‘Tbilisi looks to sharing Abkhazia with Russia’

Moscow – Georgia was panicked into proposing to Russia to share Abkhazia after Russia decided to improve its relations with Abkhazia and South Ossetia in retaliation for Kosovo’s declaration of unilateral independence.

The Georgian administration proposed to its Russian counterpart that Tbilisi would be ready to cancel its plans of joining the NATO if it could own the control over southern Abkhazia whilst Moscow could control the northern part of it, the Russian daily Kommersant cited some sources of the Russian Foreign Affairs as claiming. Both Moscow and Tbilisi dismissed the Kommersant claims as being false.

According to the Kommersant claims, Georgia would be able to resume its control over the Kodor Valley, Gal and Ochamchira provinces of Abkhazia.  

The Russian peacekeeping forces which are currently entitled by the Moscow Treaty of 1949 to control both sides of the Inghur River was offered a withdrawal from southern Abkhazia though it could still maintain its control over the northern regions of Abkhazia, including the capital city Sukhum, all the way down to the Russian border with Abkhazia.

The proposal further suggests that Abkhazia should be treated principally as autonomous in its system of government while bound to Georgia territorially. The Georgian refugees who left Abkhazia during the war from 1992 to 1993 will be moved to three areas of Georgia’s choice as well as in Georgia’s control. During the war, an estimate number of 230 000 Georgians left Abkhazia, whereas the then Abkhazian administration took 70 000 of them back to Gal. In return, Georgia will cancel its plans to join the NATO and will allow Russian businessmen to carry out commercial transactions in Abkhazia.

The proposal was leaked out to the press after President Sergei Bagapsh of Abkhazia met with Russia’s President Dmitri Medvedev last Thursday. Bagapsh dismissed the Georgian proposal as being all the same as usual when he said that Abkhazia would definitely not be a part of the Georgian territory.

The Kommersant claims were dismissed as being utterly false by Sergei Lavrov, Foreign Minister of Russia, whilst Georgia’s President Mikheil Saakashvili dismissed as being fabricated the Kommersant report that Georgia would give up its ideal of joining the NATO. However, he conceded that Georgia planned to convert both Gal and Ochamchira into free zones of trade.

The Abkhazian administration rejected an offer from Saakashvili to grant autonomy as Abkhazia remained steadfast in its resolution not to give up its search after independence.

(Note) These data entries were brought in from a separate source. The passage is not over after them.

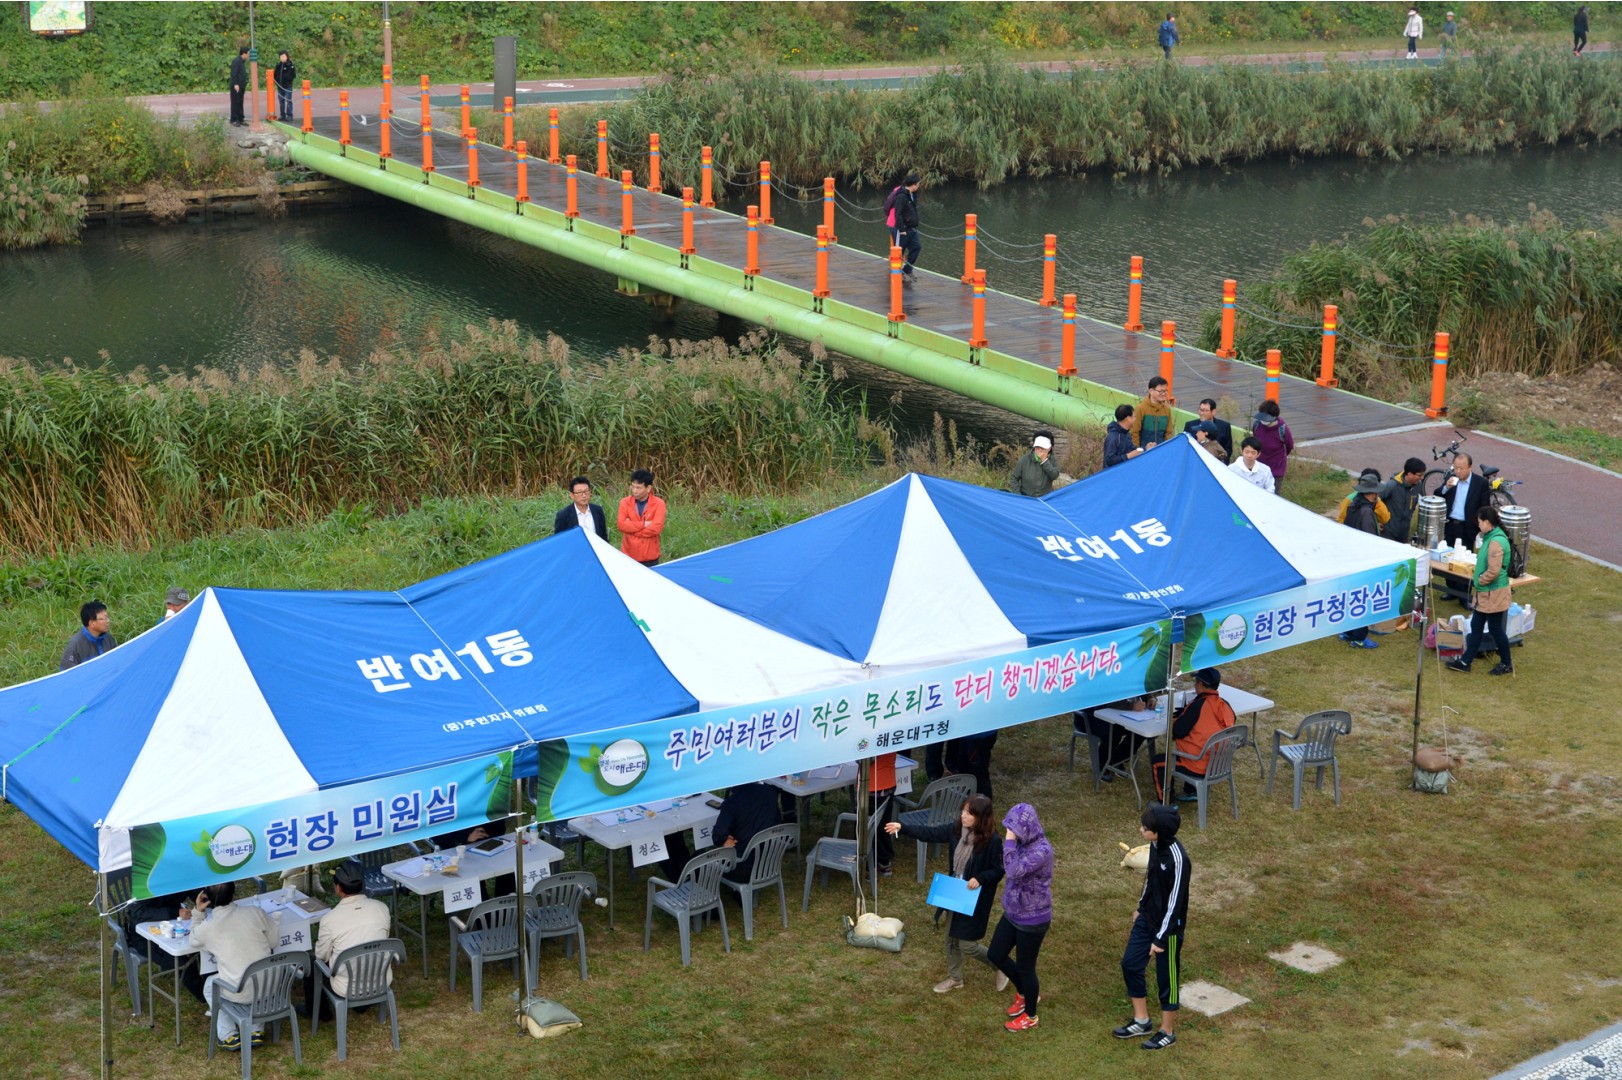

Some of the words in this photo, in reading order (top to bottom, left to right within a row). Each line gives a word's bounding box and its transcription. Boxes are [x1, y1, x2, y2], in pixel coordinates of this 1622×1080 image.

[1035, 517, 1172, 562] 반여1동
[1254, 605, 1297, 643] 현장
[1304, 580, 1391, 629] 구청장실
[356, 629, 534, 693] 반여1동
[666, 708, 800, 768] 주민여러분의
[812, 698, 851, 739] 작은
[862, 684, 943, 729] 목소리도
[955, 669, 993, 708] 단디
[1002, 645, 1121, 698] 챙기겠습니다.
[876, 719, 950, 748] 해운대구청
[266, 810, 339, 860] 현장
[353, 784, 457, 842] 민원실
[638, 841, 661, 857] 청소
[451, 886, 475, 903] 교통
[280, 931, 305, 947] 교육

Saakashvili is accused of ordering the army of Georgia to increase its military presence along its border to Abkhazia, a breakaway region of Georgia the control of which Saakashvili promised to resume in 2003 when he came to power in the wake of the Rose Revolution. When Georgia sent off troops in 2006 to Upper Kodor, a region that had to be freed from weapons, negotiations broke off. The Security Council of the United Nations (UN) warned twice the administration of Tbilisi to disarm Upper Kodor.

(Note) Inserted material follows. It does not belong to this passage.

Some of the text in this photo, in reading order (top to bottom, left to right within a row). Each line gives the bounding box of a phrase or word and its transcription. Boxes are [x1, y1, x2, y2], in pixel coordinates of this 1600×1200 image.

Although Abkhazia looked to Russia for independence after Kosovo set itself independent, the Russian administration rather decided to lift unilaterally its 13-year-old embargo on Abkhazia. When a total of seven Georgian spy drones were shot down in the past few months while they flew over Abkhazia, it literally became possible to hear the bell of a war ring and resonate throughout the Caucasus. Russia sent off additional peacekeeping forces to Abkhazia as Georgia refused to withdraw its troops from its border to Abkhazia. It also set out to modernize the railway system of Abkhazia so that materials of construction could be transferred to Sochi for use in the  constructions of complexes for the Winter Olympic Games of 2014. (Agency Caucasus)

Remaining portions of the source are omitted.